The Mission Hills Garden Walk is an annual event which offers the opportunity to see beyond the beauty of curb appeal and catch a glimpse of our neighbors’ lifestyles. We also enjoy meeting people who put their hands in the earth and use it as a canvas for organic expressions. Every home on the tour is unique, but one thing in common are outdoor living spaces, often as an extension of a kitchen, or an entertainment area of its own. Similar to the Mediterranean, the residents of Mission Hills frequently create spaces for casual gatherings centered about food. Alfresco dining and the chatter of company intermingling with fluid songs of mockingbirds are frequently part of the soundscape in Mission Hills. The star house on the tour, designed in the 1920s by William Templeton Johnson, even had a loggia-style bar that opened onto a patio overlooking fountains, a patio and a panoramic vista looking past an infinity pool added by subsequent owners. Houses like this help honor the ritual of food in a social setting. Like drinking from crystal making the beverage taste better, dwellings like this help us to savor both food and company. For the rest of us who cannot afford to live this way, the restaurant industry has thrived on the same principle.




My first encounter with fresh artichokes off the bush was a springtime journey 25 years ago to Crete. Walking through the village, we would snap the giant thistle buds right off the bush, eating them raw. Most often, my great aunt Yeorgia would cook them in dishes like Aginara Stefado (artichoke stew) with fennel, carrots, celery, lemon and onions. She accompanied the fragrant stew with rice pilafi and hard crusted bread to sop with, it was a perfect meal for the season.


Over the years, I served artichokes regularly at Inn Season Café. We found a surprising number of people to be unaware of how to eat this most ancient vegetable, therefore causing us to use them inside dishes instead of serving them baked, braised, steamed or stuffed as a full globe. Maybe people were fearful of the aptly named choke, but I still tried, pointing out the sensual nature and satisfying experience of eating them one leaf at a time. By the time the artichoke is finished, one usually feels quite full.

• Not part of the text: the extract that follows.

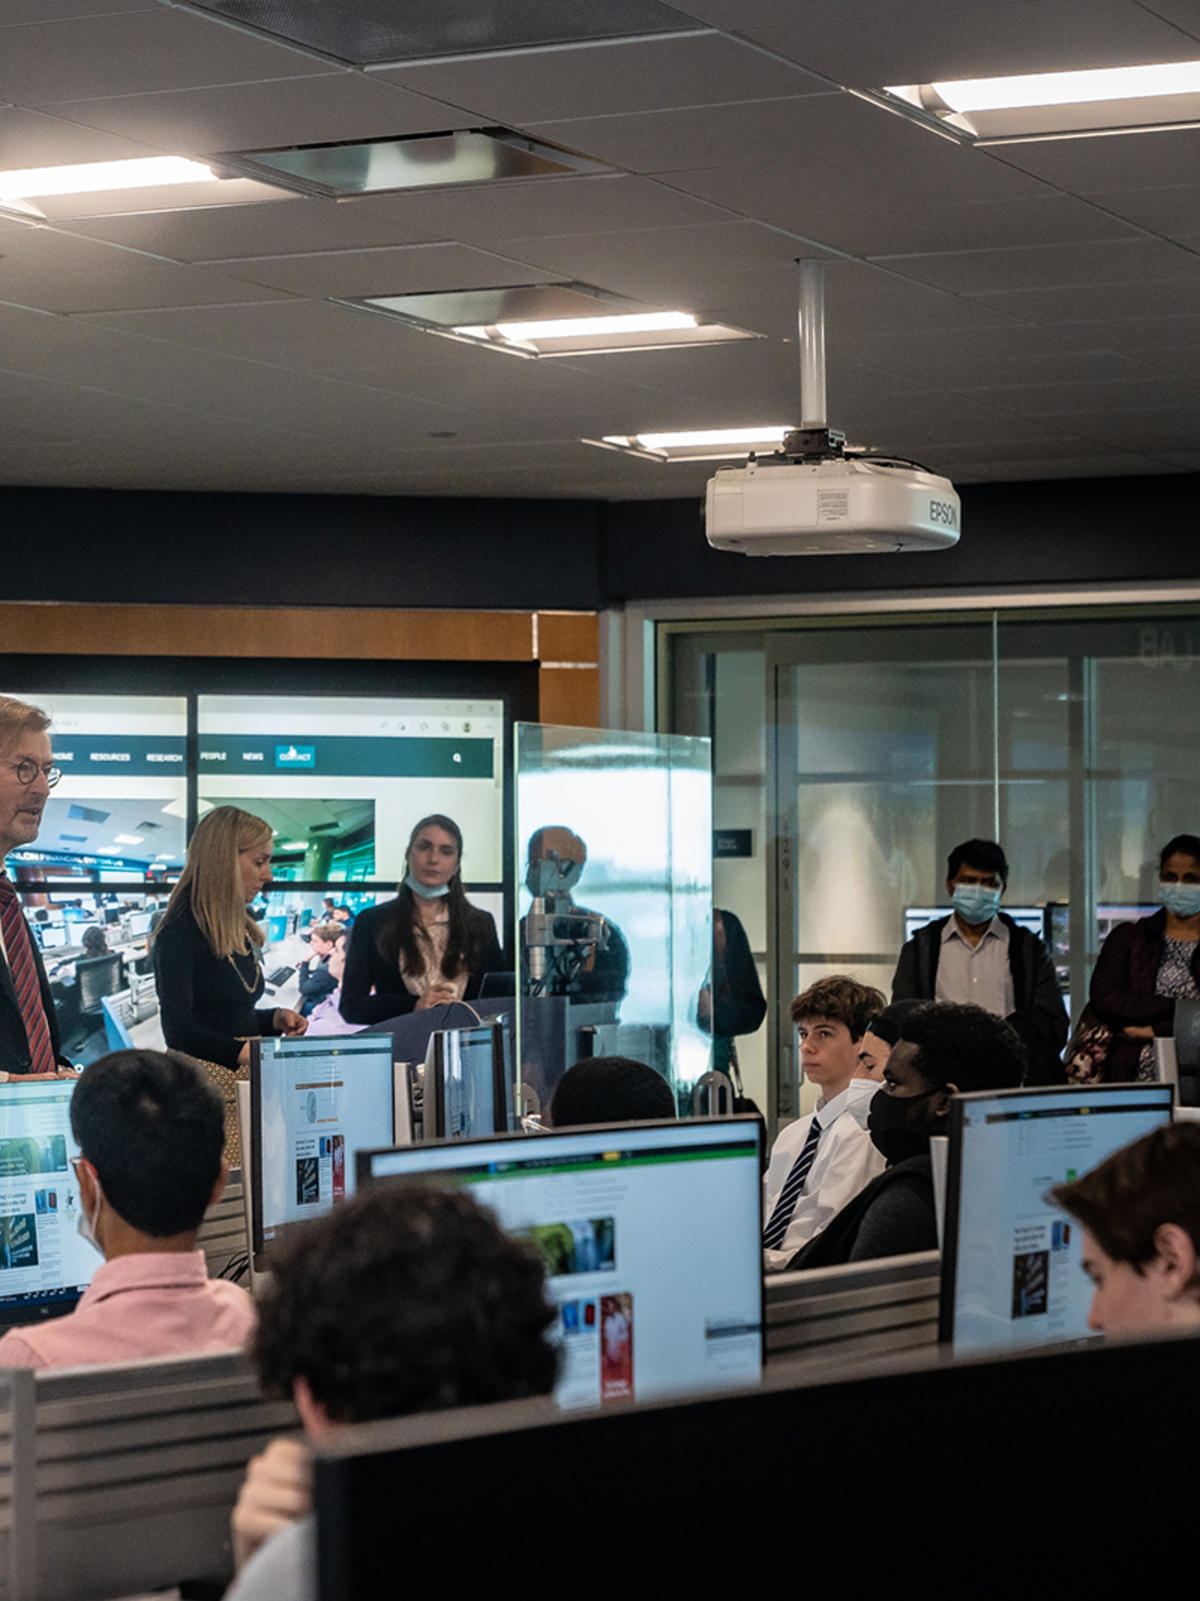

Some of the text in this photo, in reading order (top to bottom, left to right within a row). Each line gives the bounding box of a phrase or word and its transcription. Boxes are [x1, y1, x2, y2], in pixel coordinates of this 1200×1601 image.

[930, 500, 958, 526] EPSON
[200, 752, 227, 761] PEOPLE
[242, 752, 263, 761] NEWS

One of my favorite dishes used baby artichokes. Pre-cooking them allowed us to remove some of the outer leaves to reach a completely edible and exquisitely tender heart and choke. Sautéing them with garlic and pine nuts, they would be dressed with a light creamy sauce and served over pasta; either homemade fettuccini or a high quality udon noodle (similar to linguini). We served it in two versions, one vegan and one not. These days, I make it without animal products.

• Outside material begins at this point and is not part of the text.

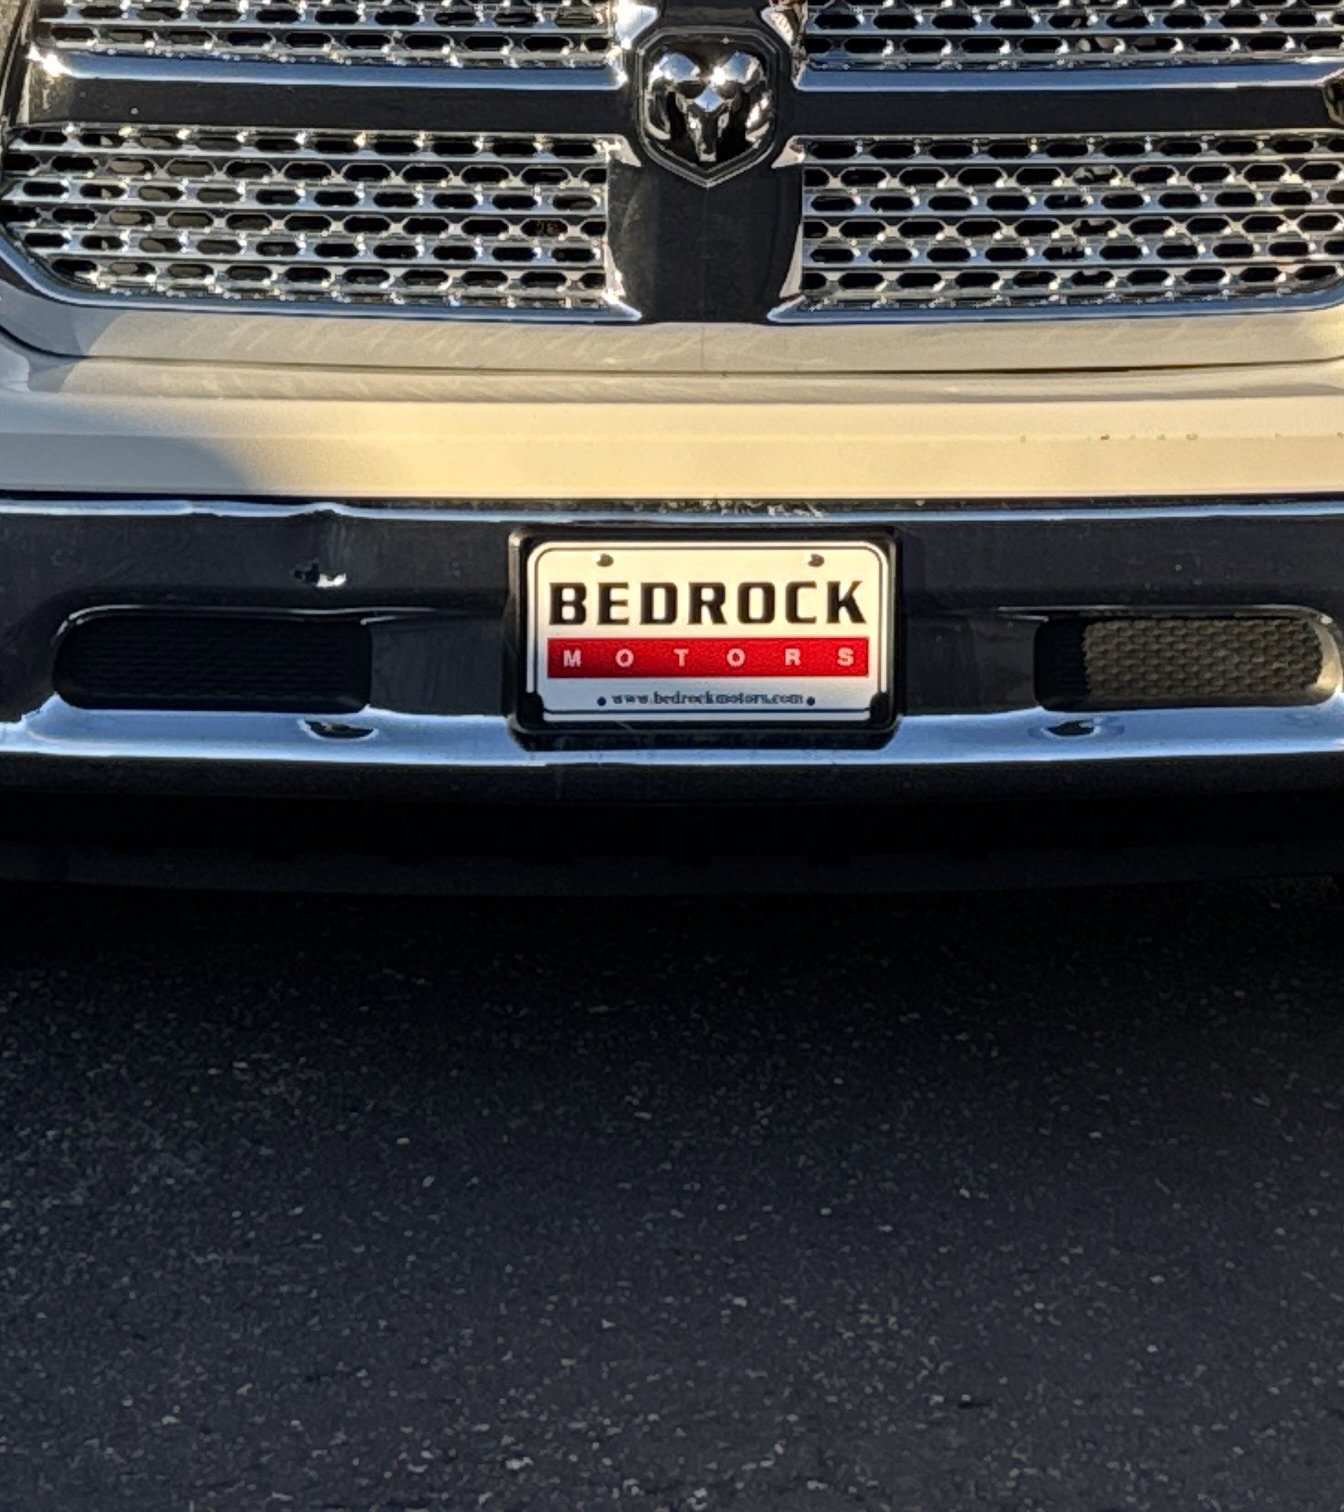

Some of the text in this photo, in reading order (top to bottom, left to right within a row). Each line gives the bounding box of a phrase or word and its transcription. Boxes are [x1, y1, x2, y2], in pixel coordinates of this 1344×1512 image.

[548, 580, 868, 626] BEDROCK
[563, 647, 855, 669] MOTORS
[611, 690, 805, 706] www.bedrockmotors.com

This week at the Hillcrest Market, Sage Mountain Farms had the beginning of the local crop of organic artichokes.  I also harvested our first artichoke from the large bushes in the back yard. Excited to do a taste test, I cut them in half, removed the chokes and roasted them in the oven Sicilian style with garlic, extra virgin olive oil and oregano. It wasn’t a fair comparison because the Sage Mountain artichokes had already been harvested for over 24 hours, while our home garden grown globes had only been picked 30 minutes before cooking.  They both had an intense artichoke flavor that practically shouted Mediterranean at me, but the home grown was perfect…tender, creamy and sensual. The season has just begun and with a number of chokes developing on the bushes; it promises to be an auspicious beginning to a great summer of freshly harvested food.

At the Market


Rain creates some amazing transformations in San Diego.  The trunks of the palm trees turn black when wet and a feeling of cleanliness spreads out over the landscape after prolonged periods of dryness.  Spring blossoms are proliferating in the neighborhoods and the bright green of the season frames this explosion of color. 

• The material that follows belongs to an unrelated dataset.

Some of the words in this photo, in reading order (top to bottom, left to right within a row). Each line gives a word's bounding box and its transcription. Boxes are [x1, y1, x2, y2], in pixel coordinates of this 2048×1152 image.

The farmers’ market has responded to the added moisture as well.  This week there were fresh walnuts from the last harvest, organic Red Flame raisins and a plethora of blood oranges.  At La Milpa Organica, the booth was full of greens such Brussell sprout leaves, stinging nettle and at least five varieties of kale.


I picked up some incredible ripe chermoya and passion fruits from Koral’s Tropical Fruit Farm along with sweet Persian limes, Meyer lemons, Fuerte avocados, kumquats and sweet Cara Cara oranges.